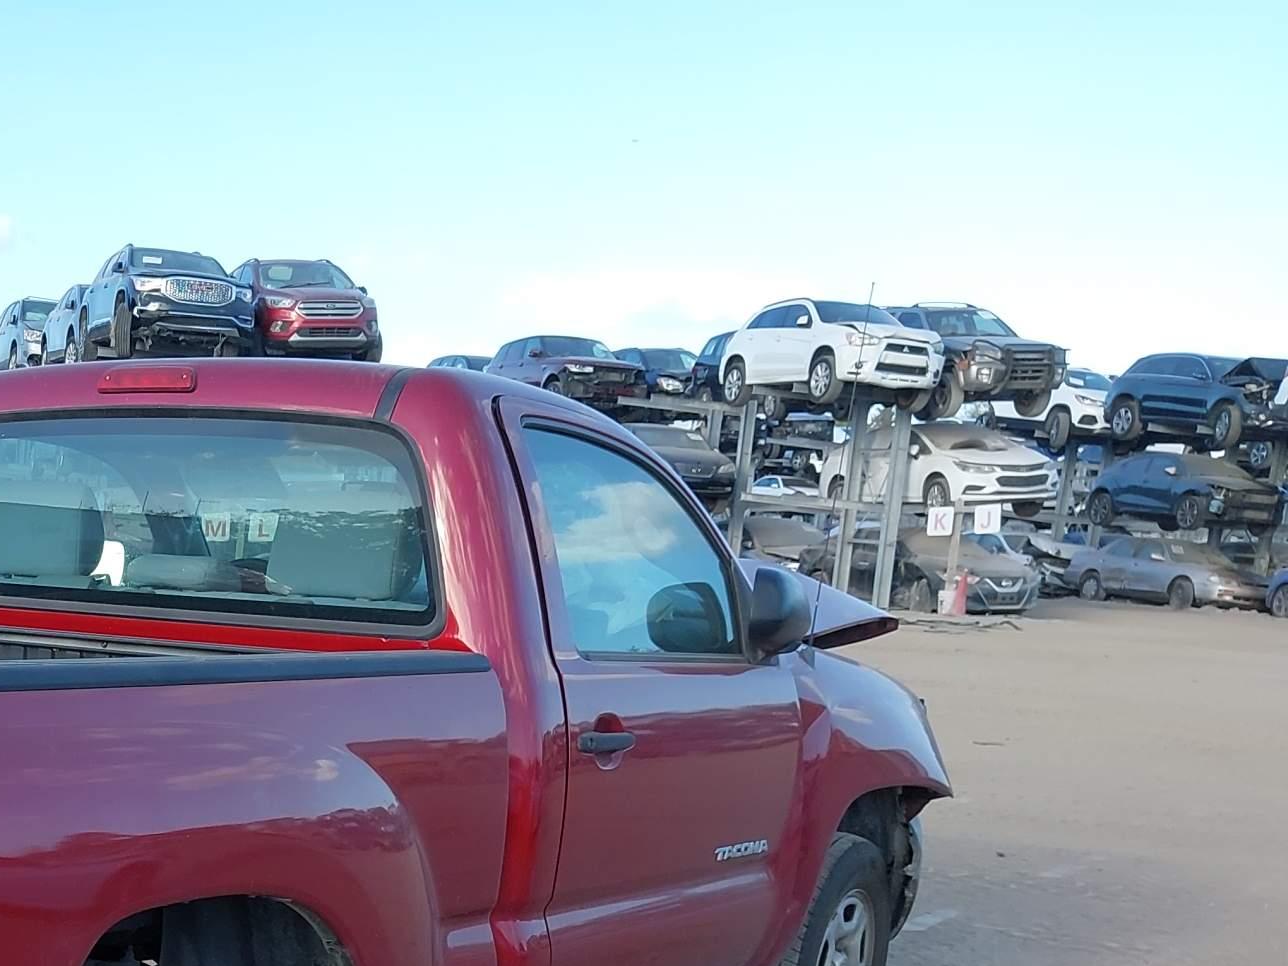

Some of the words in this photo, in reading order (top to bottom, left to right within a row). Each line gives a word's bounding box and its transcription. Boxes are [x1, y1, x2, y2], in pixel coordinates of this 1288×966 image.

[204, 519, 227, 537] M
[257, 519, 270, 537] L
[934, 513, 947, 531] K
[980, 511, 991, 529] J
[714, 839, 769, 861] TACOMA

^^^^^^^^

Your response must consist of the material above, reproduced word for word, with the images omitted.

Some of the words in this photo, in reading order (top to bottom, left to right within a row). Each line gives a word's bounding box and its transcription. Boxes are [x1, y1, x2, y2], in pixel coordinates of this 1288×966 image.

[204, 519, 227, 537] M
[257, 519, 270, 537] L
[934, 513, 947, 531] K
[980, 511, 991, 529] J
[714, 839, 769, 861] TACOMA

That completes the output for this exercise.